[EXERCISE BRIEF]
Please repeat each line of the data exactly, with nothing left out.

[Free-text object descriptions]
####
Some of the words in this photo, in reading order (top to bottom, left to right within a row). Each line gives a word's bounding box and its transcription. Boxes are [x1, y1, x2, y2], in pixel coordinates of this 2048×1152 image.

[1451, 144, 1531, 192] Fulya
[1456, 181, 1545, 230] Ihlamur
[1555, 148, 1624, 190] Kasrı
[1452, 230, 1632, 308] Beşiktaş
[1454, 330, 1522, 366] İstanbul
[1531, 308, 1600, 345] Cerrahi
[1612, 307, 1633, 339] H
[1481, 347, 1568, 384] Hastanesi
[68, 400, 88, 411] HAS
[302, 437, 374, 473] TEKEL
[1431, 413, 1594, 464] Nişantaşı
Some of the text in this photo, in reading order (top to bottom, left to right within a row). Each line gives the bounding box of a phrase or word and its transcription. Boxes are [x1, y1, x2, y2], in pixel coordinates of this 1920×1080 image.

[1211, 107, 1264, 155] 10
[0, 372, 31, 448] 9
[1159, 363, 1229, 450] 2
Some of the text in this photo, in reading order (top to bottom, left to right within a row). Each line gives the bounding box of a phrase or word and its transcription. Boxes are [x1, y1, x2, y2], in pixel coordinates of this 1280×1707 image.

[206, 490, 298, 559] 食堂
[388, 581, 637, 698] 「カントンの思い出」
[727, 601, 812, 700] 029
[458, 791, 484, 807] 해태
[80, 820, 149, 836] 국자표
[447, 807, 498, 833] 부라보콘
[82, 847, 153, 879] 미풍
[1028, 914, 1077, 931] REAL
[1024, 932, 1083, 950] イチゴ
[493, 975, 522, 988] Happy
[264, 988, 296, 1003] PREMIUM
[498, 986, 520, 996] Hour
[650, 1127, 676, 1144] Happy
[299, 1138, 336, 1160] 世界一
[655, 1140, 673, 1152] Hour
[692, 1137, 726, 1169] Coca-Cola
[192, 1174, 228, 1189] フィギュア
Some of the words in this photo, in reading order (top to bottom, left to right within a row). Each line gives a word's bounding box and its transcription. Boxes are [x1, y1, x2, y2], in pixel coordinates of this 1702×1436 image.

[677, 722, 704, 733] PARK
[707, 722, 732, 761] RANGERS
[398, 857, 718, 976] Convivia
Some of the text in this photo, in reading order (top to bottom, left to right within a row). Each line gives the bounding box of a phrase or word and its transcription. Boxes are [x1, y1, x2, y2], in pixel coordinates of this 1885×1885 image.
####
[REPLY TO THE TASK]
Some of the words in this photo, in reading order (top to bottom, left to right within a row). Each line gives a word's bounding box and its transcription. Boxes are [x1, y1, x2, y2], in pixel coordinates of this 2048×1152 image.

[1451, 144, 1531, 192] Fulya
[1456, 181, 1545, 230] Ihlamur
[1555, 148, 1624, 190] Kasrı
[1452, 230, 1632, 308] Beşiktaş
[1454, 330, 1522, 366] İstanbul
[1531, 308, 1600, 345] Cerrahi
[1612, 307, 1633, 339] H
[1481, 347, 1568, 384] Hastanesi
[68, 400, 88, 411] HAS
[302, 437, 374, 473] TEKEL
[1431, 413, 1594, 464] Nişantaşı
Some of the text in this photo, in reading order (top to bottom, left to right within a row). Each line gives the bounding box of a phrase or word and its transcription. Boxes are [x1, y1, x2, y2], in pixel coordinates of this 1920×1080 image.

[1211, 107, 1264, 155] 10
[0, 372, 31, 448] 9
[1159, 363, 1229, 450] 2
Some of the text in this photo, in reading order (top to bottom, left to right within a row). Each line gives the bounding box of a phrase or word and its transcription. Boxes are [x1, y1, x2, y2], in pixel coordinates of this 1280×1707 image.

[206, 490, 298, 559] 食堂
[388, 581, 637, 698] 「カントンの思い出」
[727, 601, 812, 700] 029
[458, 791, 484, 807] 해태
[80, 820, 149, 836] 국자표
[447, 807, 498, 833] 부라보콘
[82, 847, 153, 879] 미풍
[1028, 914, 1077, 931] REAL
[1024, 932, 1083, 950] イチゴ
[493, 975, 522, 988] Happy
[264, 988, 296, 1003] PREMIUM
[498, 986, 520, 996] Hour
[650, 1127, 676, 1144] Happy
[299, 1138, 336, 1160] 世界一
[655, 1140, 673, 1152] Hour
[692, 1137, 726, 1169] Coca-Cola
[192, 1174, 228, 1189] フィギュア
Some of the words in this photo, in reading order (top to bottom, left to right within a row). Each line gives a word's bounding box and its transcription. Boxes are [x1, y1, x2, y2], in pixel coordinates of this 1702×1436 image.

[677, 722, 704, 733] PARK
[707, 722, 732, 761] RANGERS
[398, 857, 718, 976] Convivia
Some of the text in this photo, in reading order (top to bottom, left to right within a row). Each line gives the bounding box of a phrase or word and its transcription. Boxes are [x1, y1, x2, y2], in pixel coordinates of this 1885×1885 image.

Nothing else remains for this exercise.